Donato di Niccolo di Betta Bardi was born in Florence around 1386 AD and died there around 1466, having a productive eighty-year life chipping away at stone, marble, and other rocks. The emotion and expressivity of his work made him the greatest of Renaissance sculptors; the artist Vasari wrote of his work, “There is a marvelous suggestion of life bursting out of the stone.”

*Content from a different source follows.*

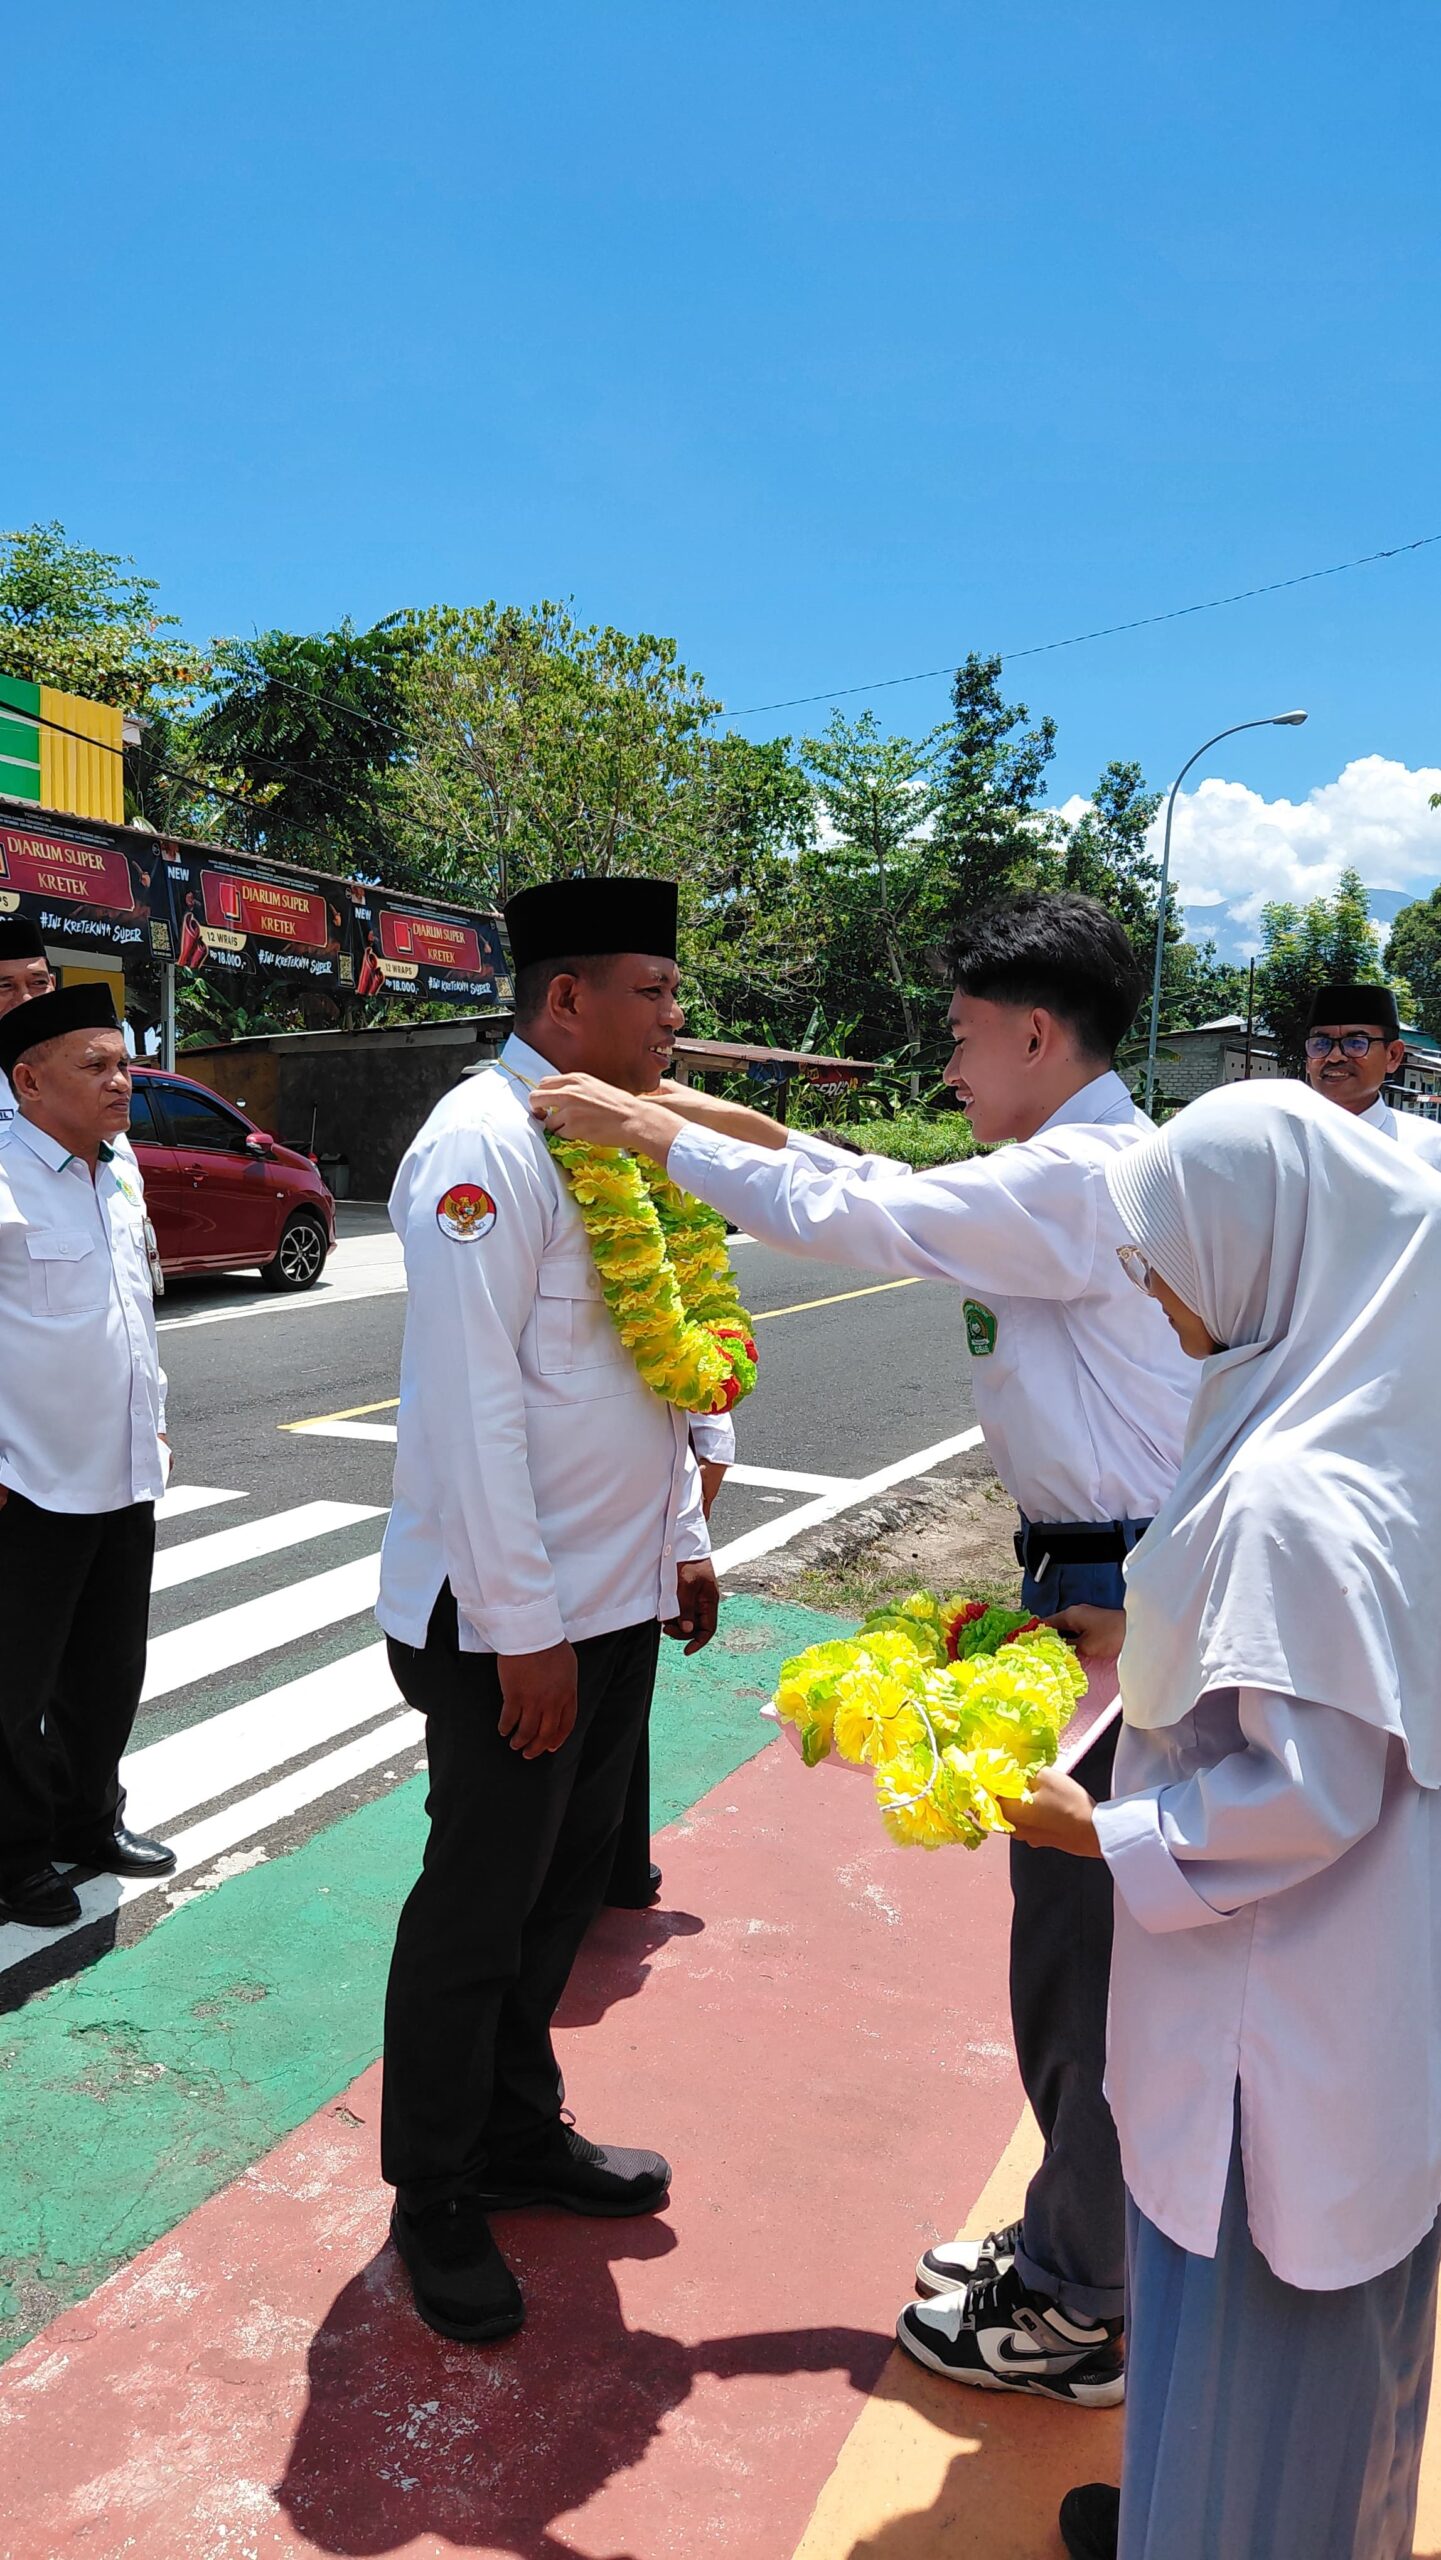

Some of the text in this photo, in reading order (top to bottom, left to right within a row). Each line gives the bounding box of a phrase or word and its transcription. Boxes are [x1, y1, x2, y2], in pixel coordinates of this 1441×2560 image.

Son of a craftsman, Donatello was educated in the home of the Martelli banking family, who happened to be patrons of the arts. In 1403 he apprenticed with the metalsmith and sculptor Lorenzo Ghiberti, helping him craft the statues of prophets for the Baptistery of the Florence Cathedral, There are accounts that Donatello and the artist Brunelleschi struck up a friendship and the two travelled south to excavate the ancient ruins around Rome. Whatever the truth of that, there is no denying that Donatello incorporated classic styles in his subsequent carvings. Over the following couple decades, he completed some of the great masterpieces of the Renaissance: the marble 'Saint George,' the colossal 'Saint John the Evangelist,' the infamous bronze nude 'David,' and the bronze relief 'Feast of Herod.'
From 1443 through 1453, Donatello kept chipping away in Padua, creating the monumental sculpted altarpiece for the Santo and the equestrian statue of the commander Gattamelata. He spent his last years in Florence, mostly on commissions for the de Medici. He completed, for instance, the haunting 'Magdalene Penitent' for the convent at Santa Maria di Cestello, intended to provide comfort and inspiration to the repentant prostitutes the convent took in. His work influenced chiselers, notably Michelangelo, for centuries … although his reputation for crafting imposing, large-than-life figures was unmatched. Donatello died of unknown causes, and his last, unfinished piece was completed by his apprentice Bertoldo di Giovanni.